- **WHAT TO DO**
Verbatim copy without images: repeat the records in full.

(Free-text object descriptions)
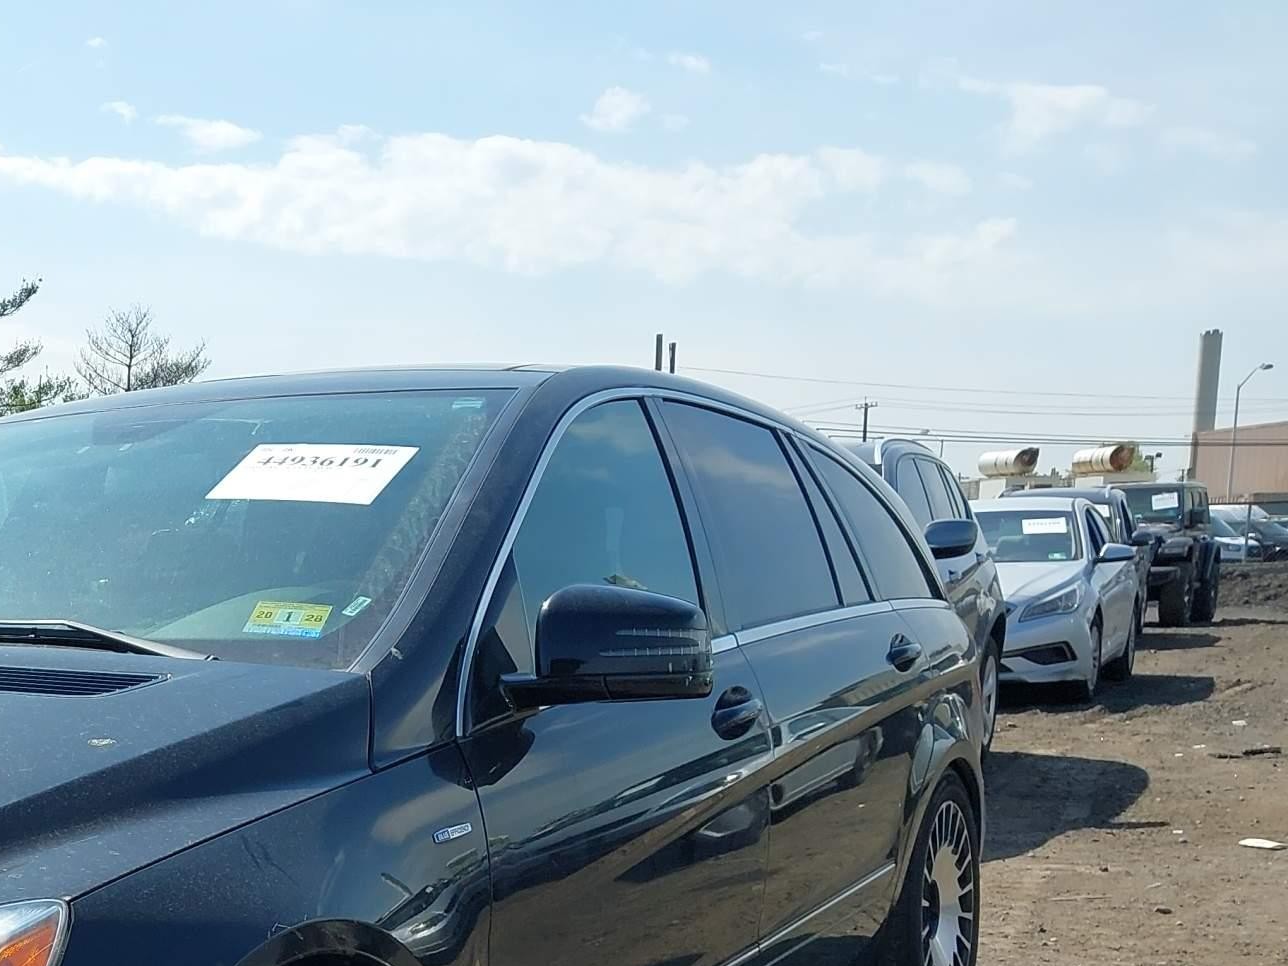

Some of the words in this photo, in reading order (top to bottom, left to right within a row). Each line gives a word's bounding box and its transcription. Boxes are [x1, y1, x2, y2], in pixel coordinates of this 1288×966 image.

[257, 455, 383, 468] 44936191
[256, 611, 273, 619] 20
[284, 611, 294, 622] 1
[304, 614, 323, 623] 28
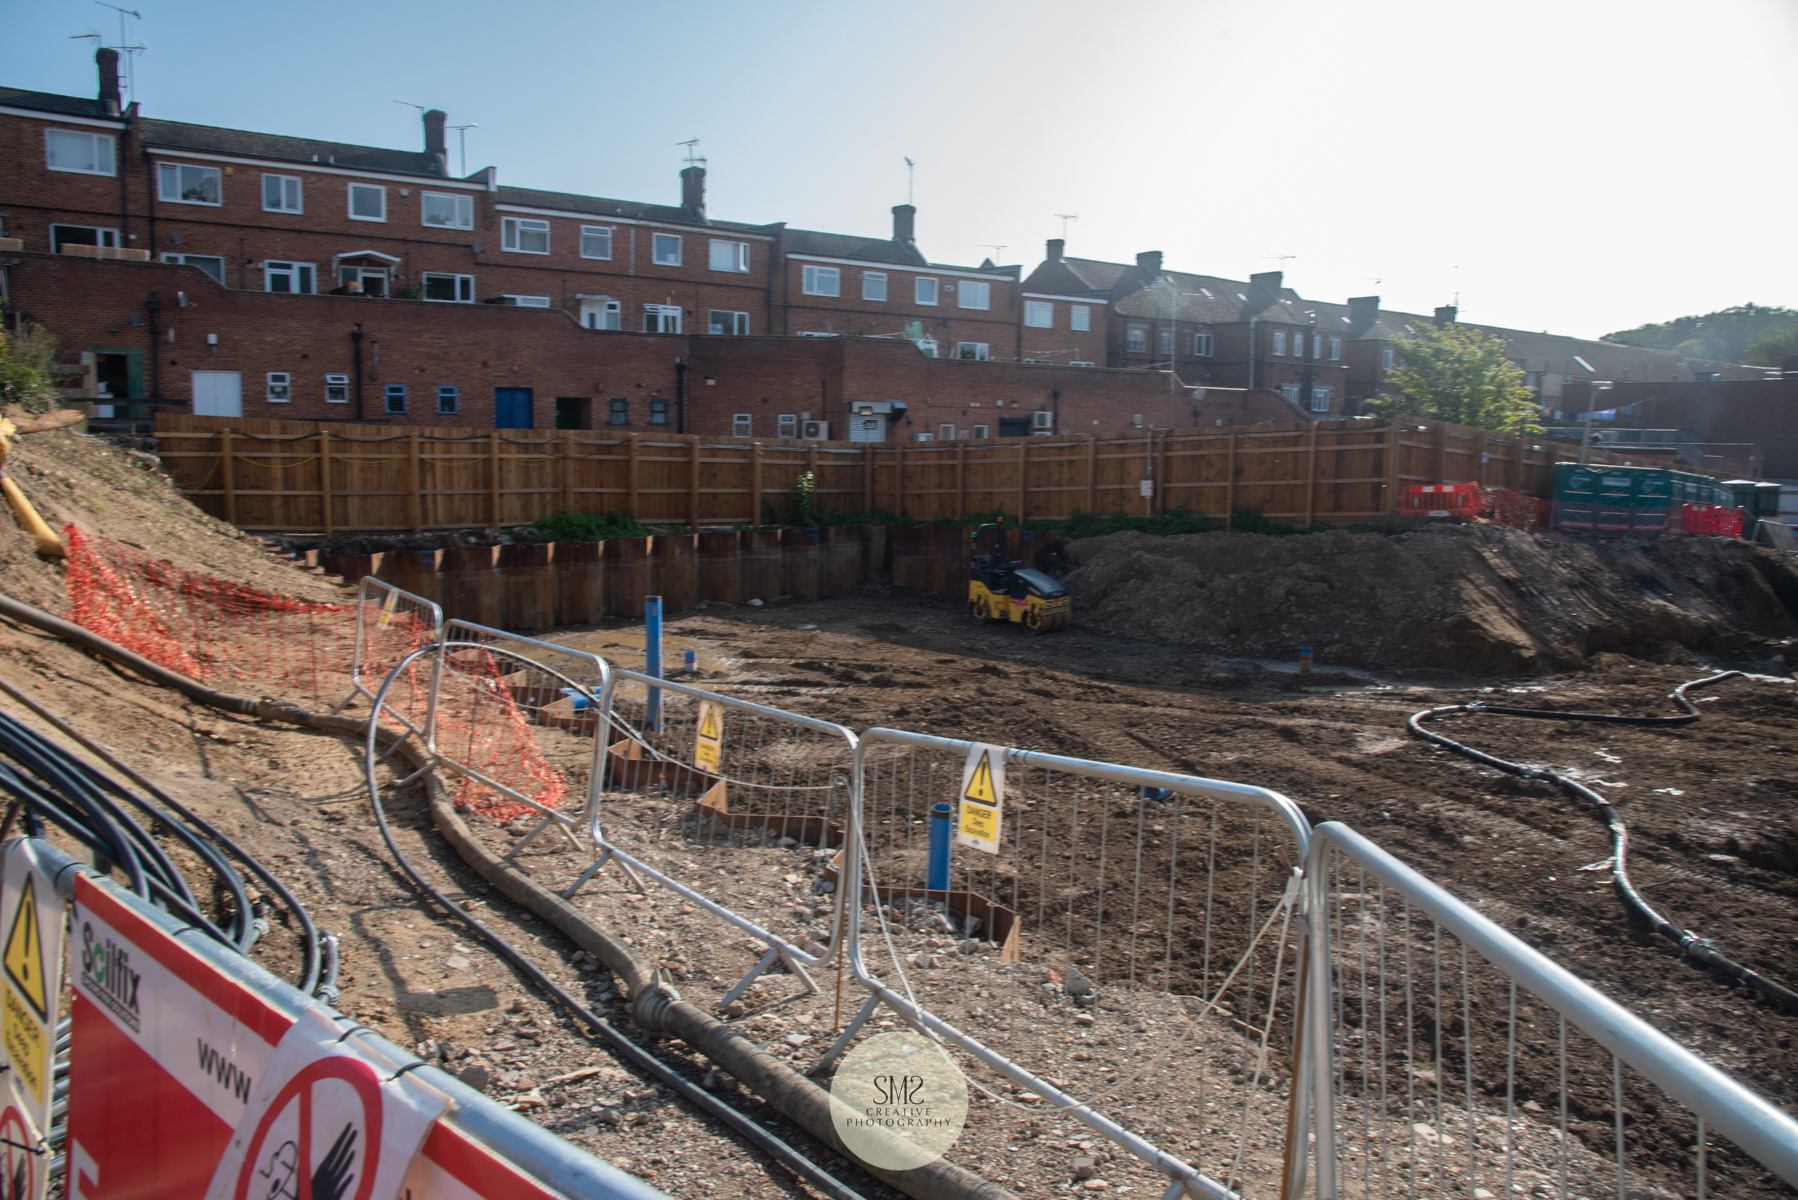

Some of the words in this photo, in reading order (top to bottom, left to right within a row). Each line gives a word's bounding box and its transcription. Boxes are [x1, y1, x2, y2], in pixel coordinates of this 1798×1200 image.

[966, 805, 992, 820] DANGER
[971, 817, 985, 828] Deep
[964, 824, 991, 839] Excavation
[81, 920, 142, 1015] Soilfix
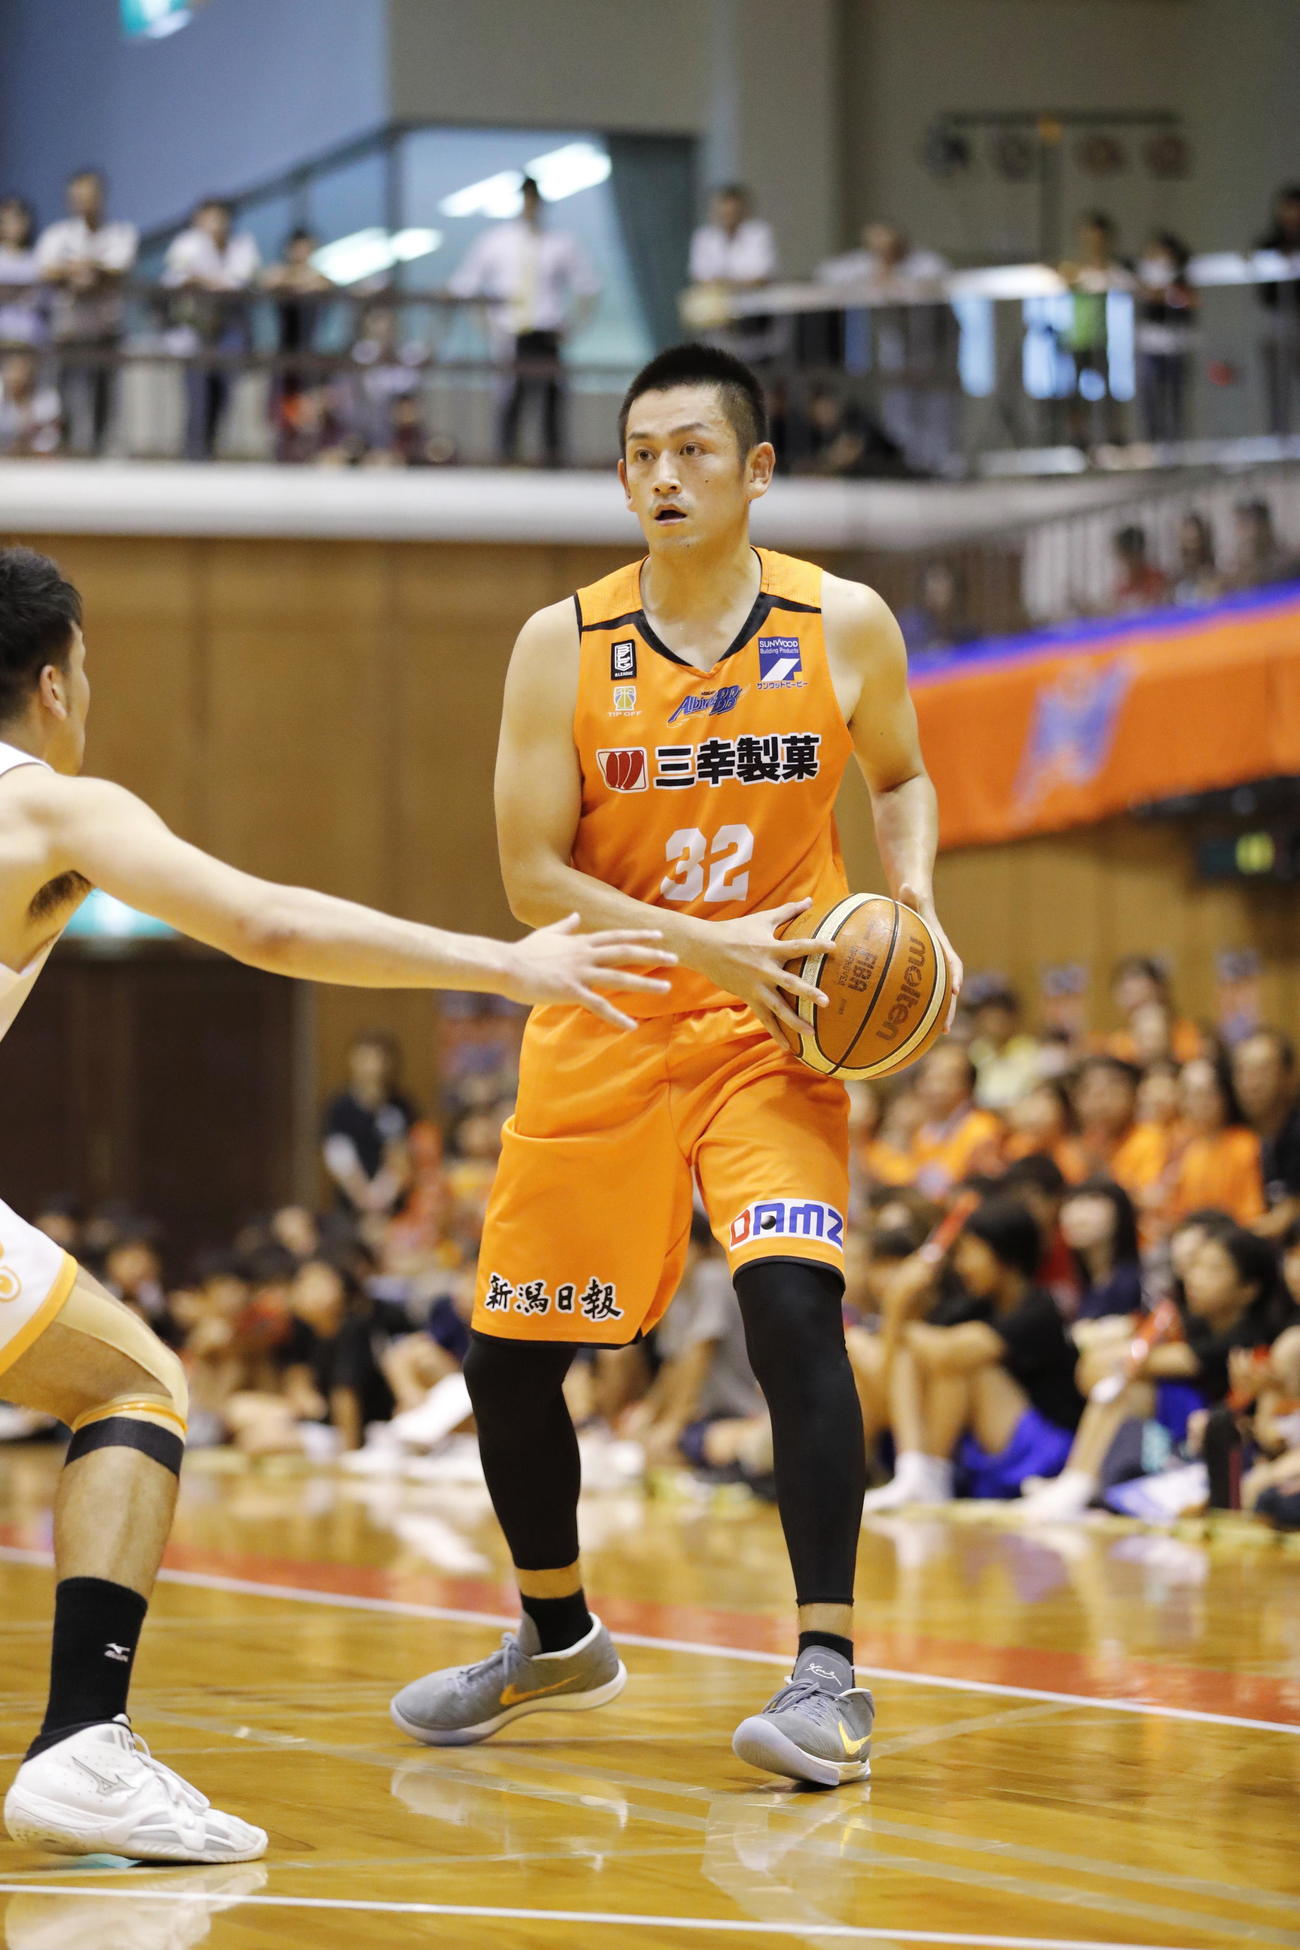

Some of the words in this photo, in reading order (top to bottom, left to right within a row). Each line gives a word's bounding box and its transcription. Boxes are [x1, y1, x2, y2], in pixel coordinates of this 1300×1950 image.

[760, 638, 798, 648] SUNWOOD
[655, 735, 820, 787] 三幸製菓
[660, 824, 754, 901] 32
[848, 950, 877, 992] FIBA
[876, 936, 926, 1040] molten
[486, 1275, 621, 1319] 新潟日報
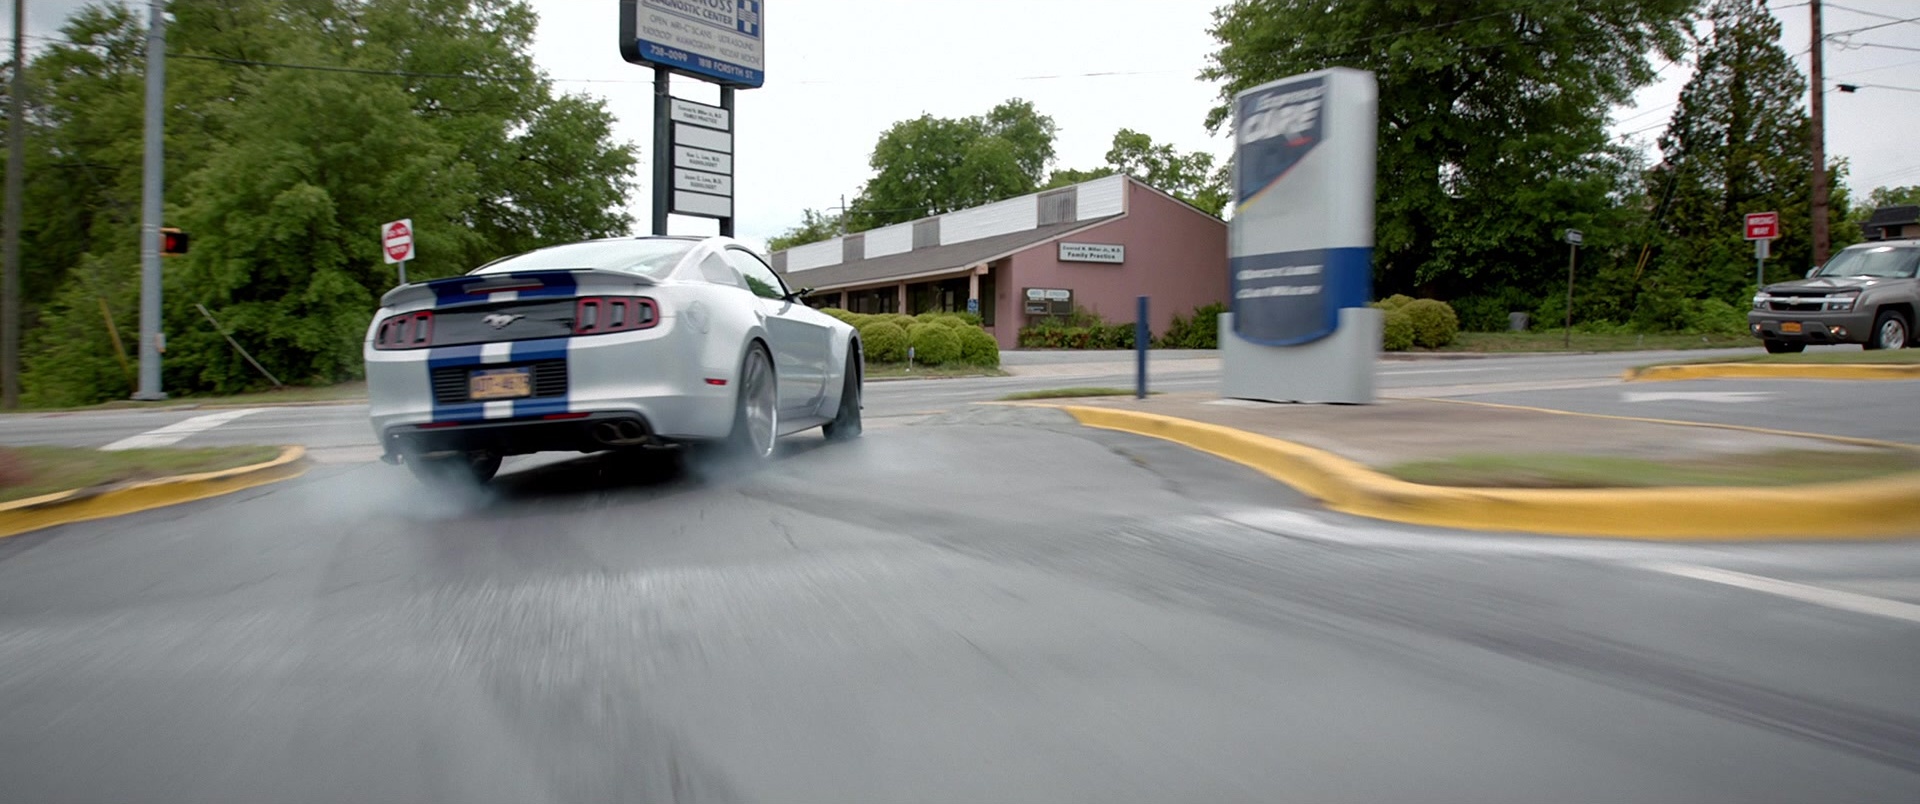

- **RESPONSE TO THE EXERCISE**
Some of the words in this photo, in reading order (top to bottom, left to right within a row). Each line gives a word's bounding box and its transcription. Boxes are [x1, y1, x2, y2], in pixel coordinates of this 1288×966 image.

[257, 455, 383, 468] 44936191
[256, 611, 273, 619] 20
[284, 611, 294, 622] 1
[304, 614, 323, 623] 28

Some of the words in this photo, in reading order (top to bottom, left to right within a row). Each line gives a word's bounding box and its transcription. Boxes are [x1, y1, x2, y2], in pixel coordinates of this 1798×1200 image.

[966, 805, 992, 820] DANGER
[971, 817, 985, 828] Deep
[964, 824, 991, 839] Excavation
[81, 920, 142, 1015] Soilfix

Some of the words in this photo, in reading order (top to bottom, left to right within a row). Each line gives a word's bounding box and its transcription. Boxes are [x1, y1, x2, y2], in pixel coordinates of this 1300×1950 image.

[760, 638, 798, 648] SUNWOOD
[655, 735, 820, 787] 三幸製菓
[660, 824, 754, 901] 32
[848, 950, 877, 992] FIBA
[876, 936, 926, 1040] molten
[486, 1275, 621, 1319] 新潟日報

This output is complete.